Thank you to the communities at large, advocates and partners who are working their tails off to develop creative services for our Warriors who make it home. Countless prayers and blessing to all who have served… and their families.

Social Networking & The Mama Bear

Pease porridge hot, pease porridge cold, pease porridge in the pot, nine days old.

Some like it hot, some like it cold, some like it in the pot, nine days old.

I like my porridge hot.

And why wait 9 days to tell this story?

After a long 3 days, I woke to discover that my 10-year-old had a facebook account.

I can tell you right now, that I have counted to 10, then 30and one hundred. Rest easy, I’ve deleted her account – including the hideous picture of mom, fast asleep, titled “Always Sleeping.” My little sister, the only one having any sense to comment: “She’s going to be mad at you. ;P”

Half sleeping, half eavesdropping on breakfast conversation, I was seething.

I blog, facebook, tweet, and text but when my parental rights are sidestepped by a pair of uncles, Mama Bear comes out to play.

Social networking has its place (with purpose or not) in the lives of  many, including the comfortable palms, thumbs, ear canals, and pupils of my household. So whilst I confront the culprits with a mere question, DENIAL is not a river in Egypt, Denial is the muse for this post. As a mother and educator, I want this to be a teachable moment for anyone who’s interested, or the victim of brothers without children (sounds a lot like, wars without borders).

Crushing dreams.

My daughter is crushed that I’ve single-handedly erased her mini-facebook adventure. As I deleted her posts, pictures, and information, I was equally devastated. Mostly because she probably had more friends in 24 hours than I had in a week. So why should I feel guilt over being her parent and protector? I believe that social networking takes some immense responsibility and sometimes, that comes with learned lessons. I’d like to spare her some heart-ache & embarrassment. My teenage sons have illegal accounts and on more than one occasion, I’ve had them delete their accounts, only to see them merely re-activated or to have opened a new account.

What’s a mom to do?

Create a partnership with freedom to explore.

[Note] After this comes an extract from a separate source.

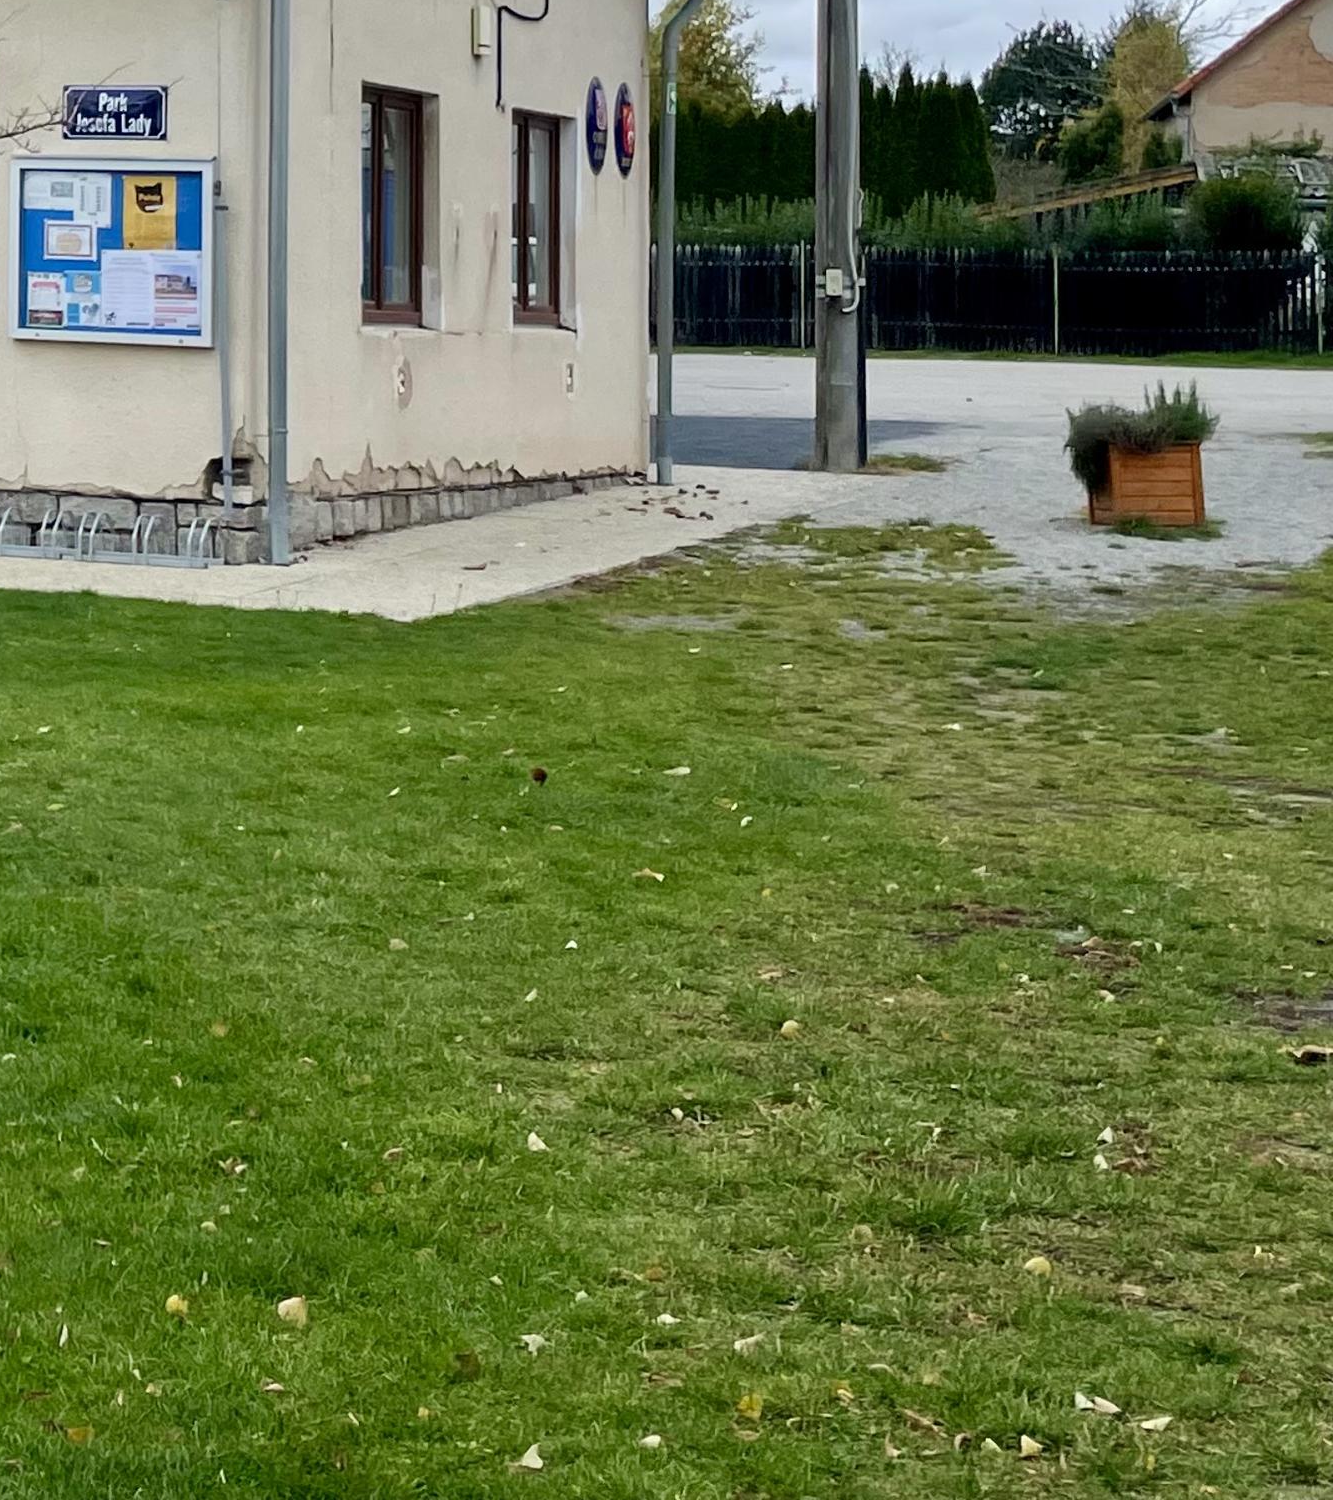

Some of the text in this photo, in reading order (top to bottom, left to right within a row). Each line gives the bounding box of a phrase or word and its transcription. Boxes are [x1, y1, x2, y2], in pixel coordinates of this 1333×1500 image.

As a single-parent, trying to maintain the head-of-household status, sometimes it’s a compromise. They have facebook accounts created under the guidance of cousins, friends, and uncles. They also get to friend mom – not a choice, a privilege. With inappropriate posts or comments, they know they may suffer the consequence of a comment or intimate conversation with their lifetime stalker – you got it, mom. A price they willingly pay as it comes with being connected to friends so they might tell each other when…

they’ve had the worst cafeteria lunch,

how cute or swagged they look in a cheesy bathroom photo.

update a relationship status every other week,

or to have mom butt in on a 27 comment conversation to say…

“Go to bed or I will deactivate your phone. Love you.”

(I personally, love that one.)

Link in. Unplug.

I once walked into Safeway as a passerby stared at my son, then commented – “Nowadays, they’re coming out born like that.”

I didn’t quite catch her drift until she laughed and clarified that my son was plugged in to technology by his thumbs, eyes, and ears. Sure I took offense (not to her, but my lack of parenting), but it also had me stopping in my tracks to have him “unplug” so we could have a conversation while we shopped for our groceries. Most times when I am irrational, it takes some agitation before I gather my wits and think about how to creatively approach a situation.

With social networking, it involves ensuring that you have developed a relationship and alternate ways to communicate with your children or any member you connect with. Today, I sat with my daughter and asked her how she got her account. Lucky for me, we have built trust without fear. She did not hesitate to explain every detail, while I listened. I’d already scolded my brothers, indicating my permission was not given and they should know better. It took me all of 10 minutes to deactivate her account and tell her what I was willing to do. With a smile on her face and pep in her thumbs (ipod), she took to searching for “family social networks” and “social networking for kids.” We came across this link to acceptable sites for kids. While I don’t vouch for any of them, I gave some responsibility back to my daughter to explore them and see which she might like to try.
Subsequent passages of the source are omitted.